I didn’t have the happiest starts with Apple Watch. As I blogged 10 days ago, setting up Apple Watch was painful. But this post explains that we’ve got on better since – even if Apple Watch is a work in progress, by contrast with the original iPad in 2010.

The watch itself is a delight. It’s beautifully made, as you’d expect from Apple. Battery life is better than expected: after heavy use today, it’s still showing 47% battery remaining. I’m beginning to think I needn’t have splashed out of that spare charger.

For me, iPod in 2004, iPhone in 2008 and iPad in 2010 were a revelation. They both made an instant impact. Apple Watch has had nothing like the same affect, which makes me think sales will be slower after the initial rush from early adopters. I had no hesitation recommending those earlier devices to family and friends. I won’t be doing the same for the watch – simply because I’ve not yet seen a similar benefit. I knew that the iPhone was dramatically better than my old Sony Ericsson and BlackBerry phones. I can’t yet say that the Apple Watch meets a compelling need not fulfilled by your smartphone and traditional watch.

Here are my reflections on two weeks with Apple’s watch.

Apple’s apps for the Apple Watch need more work You’d have thought that Apple would have the best apps for its own watch. In my experience, Apple hasn’t applied its usual attention to detail to its Watch apps. And it hasn’t thought enough about what people might want on the watch.

Activity doesn't add up...

Activity doesn’t add up…

The Activity app on the watch is a mess. After two weeks I still don’t understand it – or trust its findings. On Monday, for example, it said we walked 9.47 miles in London (we were doing the wonderful Shaun the Sheep in the City trail) and burned 729 calories – yet claimed we only exercised for 34 minutes. Tuesday was similar, with the app discounting an eight mile bike ride. This is not uncommon.
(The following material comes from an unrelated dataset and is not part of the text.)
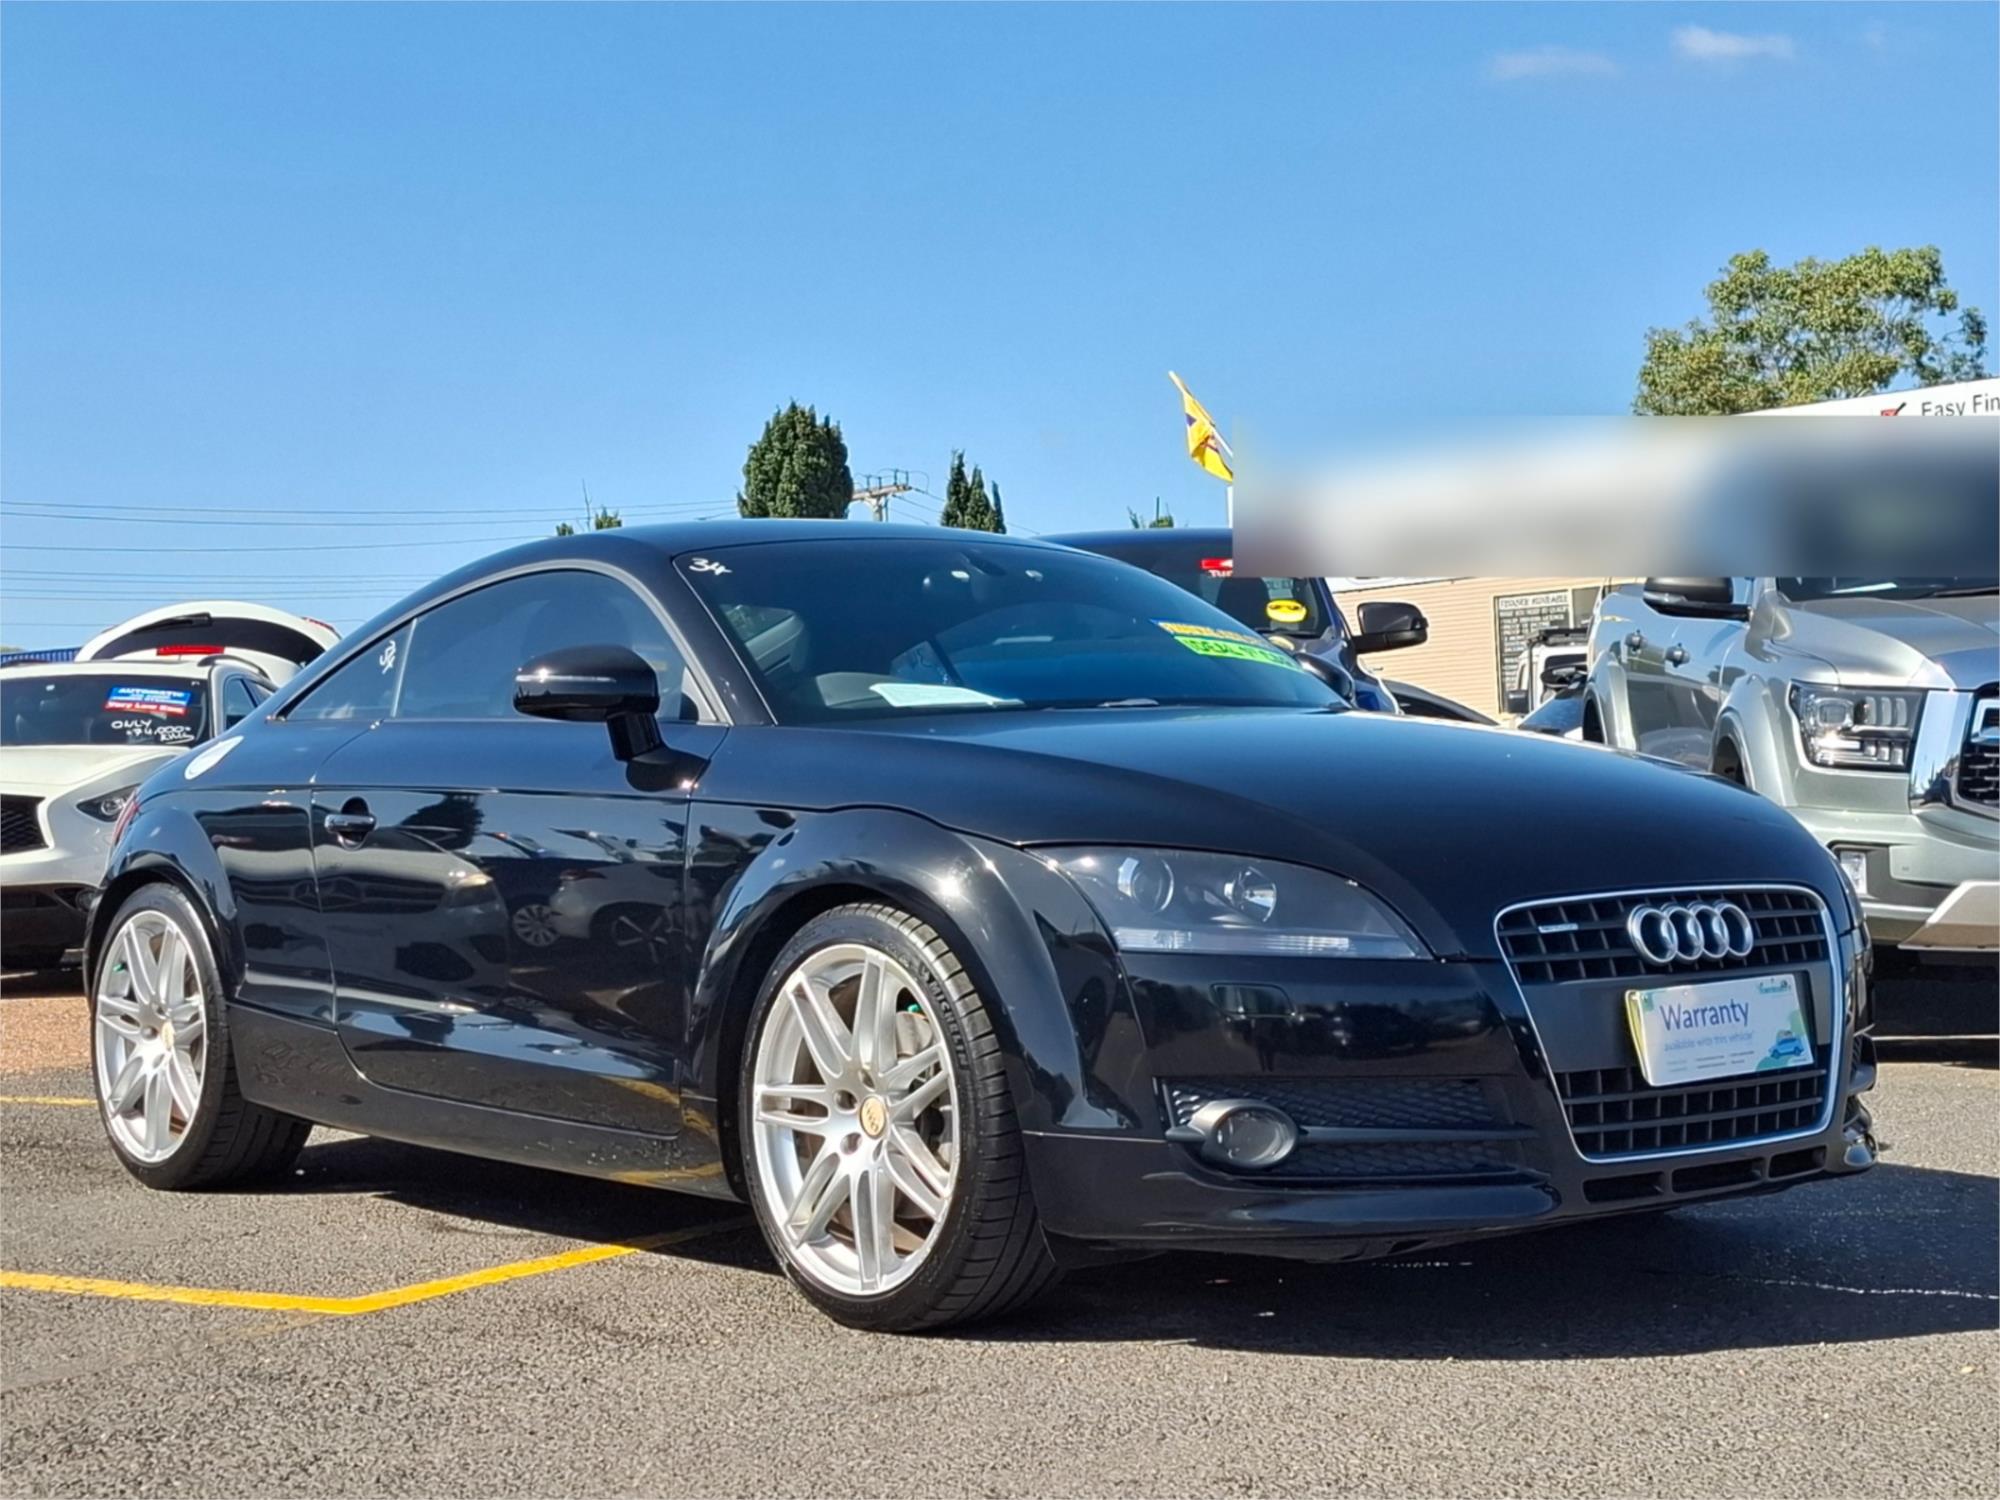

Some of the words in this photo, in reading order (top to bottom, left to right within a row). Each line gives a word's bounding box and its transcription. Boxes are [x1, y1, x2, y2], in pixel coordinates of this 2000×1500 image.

[1921, 401, 1966, 416] Easy
[689, 557, 732, 576] 34
[111, 720, 152, 729] ONLY
[1660, 998, 1749, 1031] Warranty
Siri – so unreliable Siri, Apple’s voice recognition tool, should be a vital part of the Apple Watch ecosystem. Apple rightly recognises that no one will want to type on the tiny watch screen. What could be better than to say what you want the watch to do? Well, anyone who has found Siri wanting on a larger screen may need convincing. Sure enough, Siri is even more unreliable  on your wrist. Oddly, it is more reliable in some Apple Watch apps than others. It seems to understand me well when I’m dictating a text message. It does slightly worse when I ask it to play a music track. And it does really badly when I try to navigate. That probably reflects the ongoing failures of Apple Maps – as bad as ever almost three years on. Here’s an example. I asked Siri for directions to the local household waste depot. The nearest it located was over an hour’s drive away. By contrast, Google Maps spotted the nearest was seven minutes away.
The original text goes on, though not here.